Key Takeaways
- Goldman Sachs identifies five top-rated oil stocks: Halliburton, Cenovus, ConocoPhillips, Valero, and Diamondback Energy
- The investment bank increased its Q4 2026 Brent crude price target to $90 per barrel due to reduced Middle Eastern production
- Supply constraints through the Strait of Hormuz continue to limit global oil availability, with normalization now pushed to late June
- The refining sector experiences structural supply tightness, with Valero reporting Gulf Coast metrics up 95% compared to last year
- Citigroup’s optimistic projection forecasts Brent potentially reaching $150/barrel if Hormuz challenges continue
Goldman Sachs recently released analysis identifying five oil equities with Buy ratings, indicating the industry is beginning a fresh capital investment phase. The firm notes that exploration and production companies must replenish depleting reserves while satisfying worldwide energy requirements.
The five companies highlighted include Halliburton, Cenovus, ConocoPhillips, Valero, and Diamondback Energy.
Concurrently, Goldman Sachs adjusted its Brent crude price projection upward to $90 per barrel for the fourth quarter of 2026. The financial institution similarly increased its West Texas Intermediate (WTI) forecast to $83 per barrel during the identical timeframe.
These updated projections reflect declining oil production from Middle Eastern nations. Diplomatic negotiations between the United States and Iran have reached an impasse, while petroleum transport through the Strait of Hormuz continues facing restrictions.

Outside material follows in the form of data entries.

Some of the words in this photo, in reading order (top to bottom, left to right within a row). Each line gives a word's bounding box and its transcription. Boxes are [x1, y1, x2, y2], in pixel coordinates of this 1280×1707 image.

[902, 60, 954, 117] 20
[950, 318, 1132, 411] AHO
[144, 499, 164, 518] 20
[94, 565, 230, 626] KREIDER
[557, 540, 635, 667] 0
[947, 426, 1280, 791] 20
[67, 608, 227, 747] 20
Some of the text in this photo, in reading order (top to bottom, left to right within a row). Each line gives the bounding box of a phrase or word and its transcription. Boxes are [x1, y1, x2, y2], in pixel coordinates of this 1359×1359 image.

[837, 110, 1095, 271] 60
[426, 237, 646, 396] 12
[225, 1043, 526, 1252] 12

Goldman Sachs currently anticipates Hormuz shipping routes will return to normal operations by the conclusion of June, a delay from its previous mid-May projection. Persian Gulf oil production recovery timelines have also been extended beyond initial expectations.
Citigroup has similarly upgraded its Brent outlook, establishing a baseline forecast of $110 per barrel for the second quarter of 2026. In an optimistic scenario, Citigroup projects Brent could surge to $150 should Hormuz complications extend through June.

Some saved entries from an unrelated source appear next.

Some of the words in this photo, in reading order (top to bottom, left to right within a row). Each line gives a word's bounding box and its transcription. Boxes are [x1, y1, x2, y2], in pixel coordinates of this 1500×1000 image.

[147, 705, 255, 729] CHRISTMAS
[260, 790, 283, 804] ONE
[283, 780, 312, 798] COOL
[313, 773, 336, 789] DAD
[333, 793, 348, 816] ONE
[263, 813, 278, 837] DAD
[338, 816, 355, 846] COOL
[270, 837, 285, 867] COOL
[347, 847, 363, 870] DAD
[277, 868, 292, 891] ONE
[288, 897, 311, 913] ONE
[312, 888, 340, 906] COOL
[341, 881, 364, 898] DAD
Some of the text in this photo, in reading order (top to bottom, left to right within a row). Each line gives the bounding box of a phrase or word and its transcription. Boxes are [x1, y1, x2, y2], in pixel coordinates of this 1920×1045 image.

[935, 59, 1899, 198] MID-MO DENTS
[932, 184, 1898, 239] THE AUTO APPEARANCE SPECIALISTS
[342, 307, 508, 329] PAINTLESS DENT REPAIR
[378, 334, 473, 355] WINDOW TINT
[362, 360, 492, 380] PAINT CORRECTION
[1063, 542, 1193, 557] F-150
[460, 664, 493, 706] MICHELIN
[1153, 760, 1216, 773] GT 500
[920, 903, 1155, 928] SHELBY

Goldman’s Brent futures contracts spanning 2028–2030 are presently valued between $70–$75 per barrel, beneath the institution’s internal valuation range of $75–$80. The bank emphasizes that accelerating American shale production expansion remains critical to preventing supply shortfalls in 2026.
The Case for These Five Companies
Halliburton delivered first-quarter 2026 financial results exceeding analyst expectations. The oilfield services provider secured a significant contract in Argentina and finalized an agreement with Greenland Energy covering consulting and logistics support. Multiple financial institutions increased their valuation targets following these announcements.
Cenovus presents expansion opportunities through its Christina Lake and West White Rose development initiatives targeted for completion by 2030. S&P Global Ratings adjusted its Cenovus perspective to stable from negative, recognizing advancement in liability management.
ConocoPhillips earned placement on Goldman’s United States conviction roster. The institution emphasizes anticipated free cash flow expansion from Alaskan operations and liquefied natural gas ventures, encompassing Willow and Qatar developments, by 2030. Both Raymond James and Piper Sandler elevated their price objectives for the equity.
Refining Operations and Shale Production Under Scrutiny
Valero capitalizes on constrained refining capacity conditions. Middle Eastern refinery disruptions currently exceed seasonal averages by 1.7 million barrels daily. Gulf Coast refining performance metrics for the initial half of 2026 demonstrate a 95% increase versus the comparable 2025 period. Goldman Sachs forecasts Valero will generate approximately 10% free cash flow yield spanning 2026 through 2028.
Diamondback Energy maintains favorable positioning within the shale production sector. The company holds a substantial inventory of drilled-but-uncompleted wells throughout the Permian Basin. Management intends to expand hydraulic fracturing crew deployment from 4.5 to approximately five units and documented above-consensus pre-hedge oil prices during the first quarter of 2026.
Crude oil prices advanced modestly Monday as diplomatic discussions between Washington and Tehran faltered and Hormuz transportation remained limited.